Ce faisant, l'Otan a accompli un acte décisif : pour la première fois, elle a rompu les cloisons que l'ancien ordre étatique maintenait entre les États. Quels qu'aient été les effets de son action sur le terrain, elle a accompli une authentique révolution juridique, ouvrant la porte à une sorte de mondialisation d'un espace politique jusque là cloisonné.

 

Vers un nouvel ordre mondial

 

Cette guerre n'est pas un acte isolé. D'autres événements vont dans le même sens. Il y eut d'abord, en Europe, l'institution d'une Cour européenne des droits de l'homme (1959) qui, au fur et à mesure que les différents États en reconnaissent la juridiction obligatoire (la France le fit en 1974), tend à se comporter en instance d'appel ultime des juridictions nationales.

Il y a eu plus récemment la création d'une justice pénale internationale permanente (le seul précédent, le tribunal de Nüremberg, institué par les Alliés en 1945 n'avait été que temporaire). Une justice encore spécialisée : il s'agit du Tribunal pénal international pour juger des crimes commis dans l'ex-Yougoslavie (1993), et de celui du Rwanda (1994). Plus récemment a été conclue à Rome en juillet 1998 une convention, non encore ratifiée, tendant à instaurer une Cour pénale internationale universellement compétente (au moins pour les États ayant accepté sa juridiction : tout en promouvant cette institution, les États-Unis ont décidé de ne pas en reconnaître la juridiction pour eux-mêmes).

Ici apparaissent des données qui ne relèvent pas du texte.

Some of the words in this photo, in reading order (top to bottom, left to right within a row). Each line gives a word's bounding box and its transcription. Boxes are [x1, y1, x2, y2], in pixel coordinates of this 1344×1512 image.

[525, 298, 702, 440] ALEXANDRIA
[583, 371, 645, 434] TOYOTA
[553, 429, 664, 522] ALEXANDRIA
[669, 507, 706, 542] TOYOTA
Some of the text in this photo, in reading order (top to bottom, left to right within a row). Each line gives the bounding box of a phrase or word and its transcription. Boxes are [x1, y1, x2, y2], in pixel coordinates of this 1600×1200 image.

Même sans faire référence à ce genre de cour, le fait que le général Pinochet ait pu être retenu en Angleterre à la demande d'un juge espagnol montre comment une certaine forme de justice s'est déjà internationalisée. La notion de crimes contre l'humanité, interprétée largement, se trouve au fondement de cette brèche. Dans le droit classique, un État ne pouvait juger que les actes commis sur son sol ou ceux commis par ou à l'encontre de ses ressortissants sur un sol étranger mais pas les actes commis par des étrangers sur des étrangers en dehors de son sol . Cela n'est possible qu'en cas de crime contre l'humanité. Le procès Eichmann eut lieu à Jérusalem en 1960 sur ce fondement .

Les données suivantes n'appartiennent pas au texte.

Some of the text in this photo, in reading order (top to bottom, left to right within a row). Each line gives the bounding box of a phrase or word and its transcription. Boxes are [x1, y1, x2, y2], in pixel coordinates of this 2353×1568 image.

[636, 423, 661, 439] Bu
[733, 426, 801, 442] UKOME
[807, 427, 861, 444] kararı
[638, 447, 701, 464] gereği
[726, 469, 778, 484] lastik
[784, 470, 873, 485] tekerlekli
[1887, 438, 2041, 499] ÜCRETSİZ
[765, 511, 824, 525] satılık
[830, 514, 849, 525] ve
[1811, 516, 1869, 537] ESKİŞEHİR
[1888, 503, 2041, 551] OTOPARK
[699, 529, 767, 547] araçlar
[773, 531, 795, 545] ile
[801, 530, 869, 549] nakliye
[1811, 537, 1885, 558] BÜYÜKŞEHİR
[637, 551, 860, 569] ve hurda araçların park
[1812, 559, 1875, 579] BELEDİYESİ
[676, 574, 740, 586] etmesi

Dans les milieux dirigeants américains, on dit de plus en plus ouvertement que la lutte contre la " barbarie " passe par l'abolition du caractère sacro-saint de la souveraineté des États . L'Onu, qui garantissait celle-ci, est elle-même remise en cause. Dans la guerre de Yougoslavie, on n'a fait appel à elle que pour justifier après coup l'opération, mais le fait que la Russie et la Chine, très attachées — comme d'ailleurs les trois quart de la planète — au principe de non-ingérence, disposent d'un droit de veto au Conseil de Sécurité, est ressenti par Washington comme une contrainte surannée.

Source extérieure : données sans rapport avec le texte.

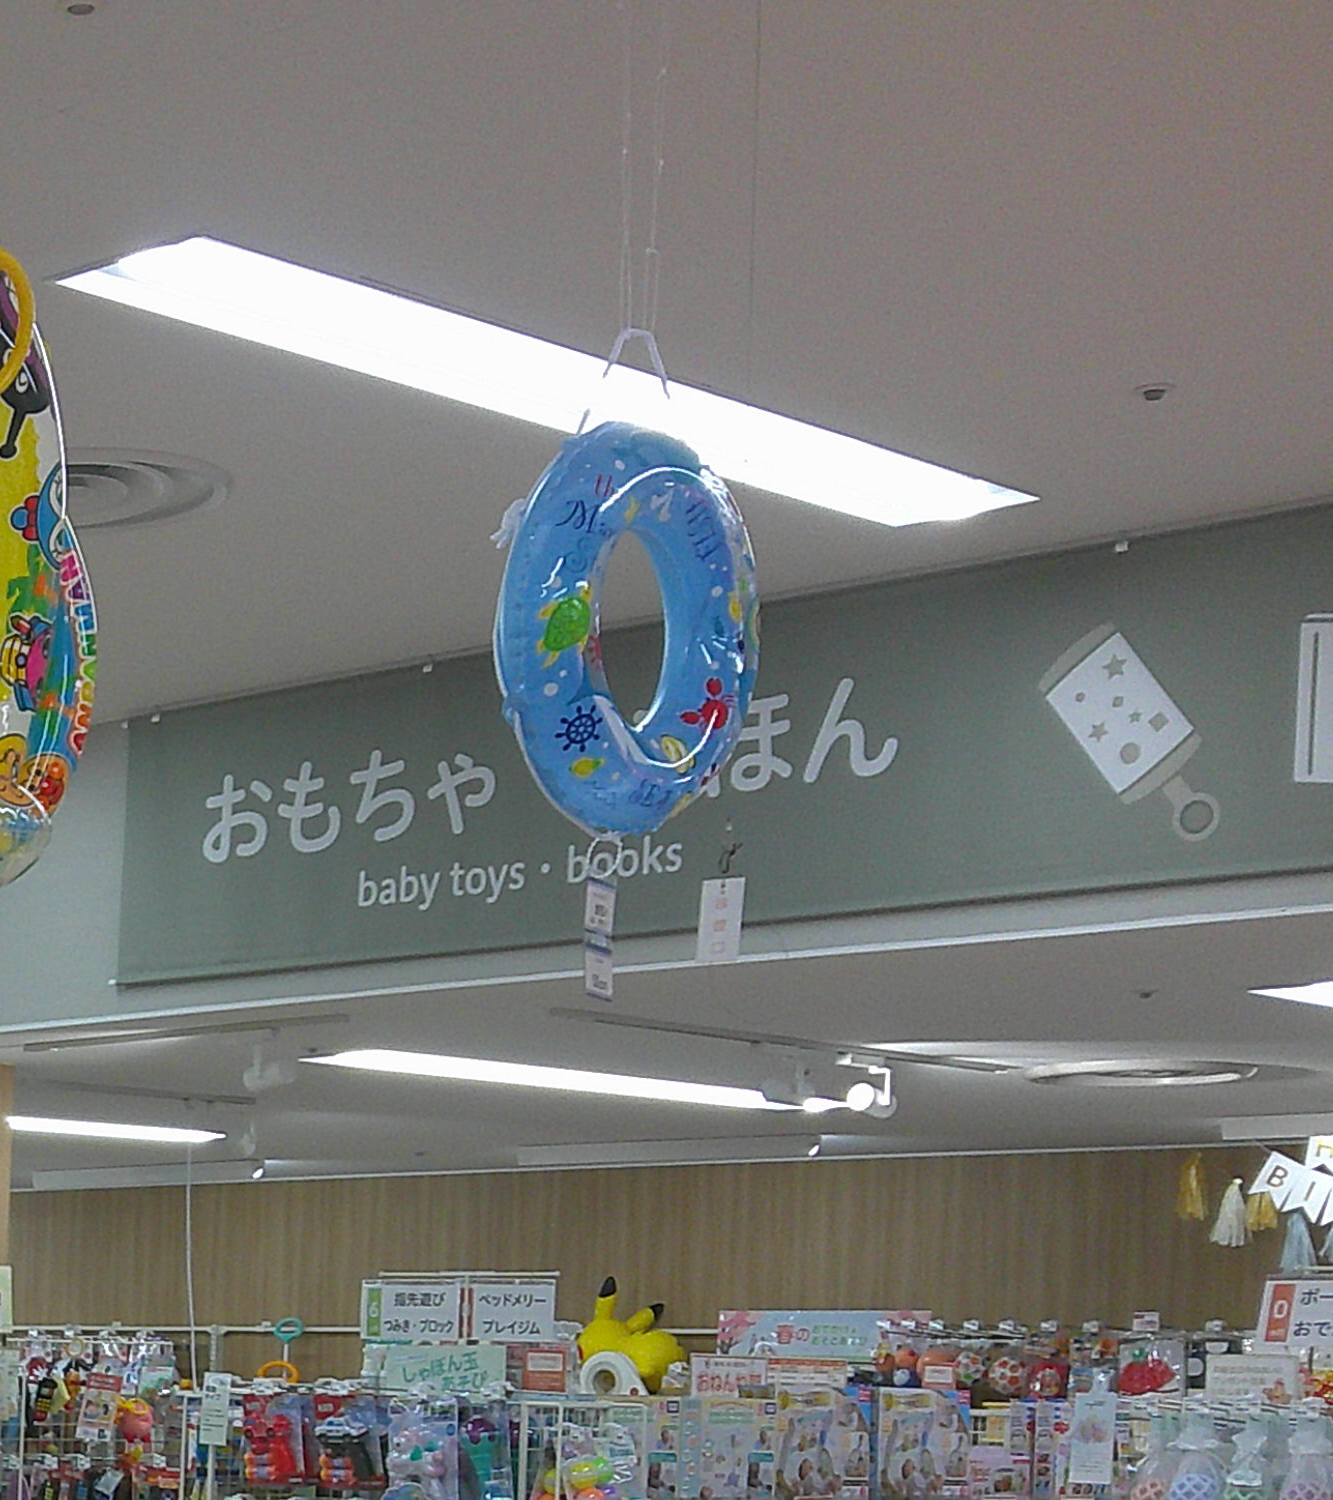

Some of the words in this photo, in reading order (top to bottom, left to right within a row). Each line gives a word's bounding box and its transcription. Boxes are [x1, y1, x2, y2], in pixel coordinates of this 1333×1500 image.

[357, 869, 441, 911] baby
[450, 857, 526, 903] toys
[566, 837, 683, 884] books
[394, 1292, 445, 1308] 指先遊び
[478, 1293, 547, 1308] ベッドメリー
[368, 1301, 379, 1318] 6
[383, 1318, 455, 1335] つみき・ブロック
[483, 1319, 541, 1335] プレイジム

Certes, nul n'ignore que les interventions justifiées par le " droit d'ingérence humanitaire " sont à géométrie variable. Le désir d'autonomie du Kurdistan n'est pas en soi moins estimable que celui du Kosovo ; il n'a pas fait l'objet d'une intervention analogue. Bien au contraire la communauté internationale s'est liguée pour livrer au gouvernement turc le leader autonomiste kurde, Abdullah Ocalan. Le fait que la Turquie soit un partenaire stratégique de premier plan des États-Unis n'y est sans doute pas étranger. On ne sait encore si le nombre de chrétiens massacrés au Timor oriental est dix ou cent fois supérieur à celui des Albanais musulmans au Kosovo : l'incertitude des données est une constante en ce genre de matière . Mais les troupes dépêchées par l'Onu, dans la légalité cette fois, au Timor oriental, y sont arrivées après le bataille et avec l'autorisation du gouvernement indonésien (lequel, pourtant, occupe illégalement Timor, alors que la présence yougoslave au Kosovo était reconnue par le droit international). On n'imagine pas non plus qu'aucun tribunal européen ose jamais interpeller un ancien dirigeant chinois de passage, alors même que le " palmarès " de la Chine en matière de violation des droits de l'homme n'a aucune commune mesure avec celui du Chili. Mais le fait que le nouveau pouvoir mondial qui s'esquisse par-delà les barrières étatiques soit arbitraire n'ôte rien à la nouveauté du principe dont il se réclame. Que tout pouvoir humain ait une part d'arbitraire ne suffit pas, en soi, à lui ôter sa légitimité, ni en tout cas sa réalité. On peut aussi soutenir qu'il vaut mieux deux poids et deux mesures que pas de mesure du tout.

 

La leçon de Franciso de Vitoria

 

Le droit d'" ingérence humanitaire " n'est pas entièrement nouveau dans l'histoire européenne. Si l'on se reporte à la période antérieure à l'émergence des États modernes, on en trouve maintes traces dans l'histoire chrétienne. La justification des croisades ne fut pas, on le sait, le souci de convertir les infidèles, mais celui de protéger les allées et venues des pèlerins se rendant aux Lieux Saints, le droit de faire des pèlerinages étant tenu à cette époque pour un droit fondamental de l'homme.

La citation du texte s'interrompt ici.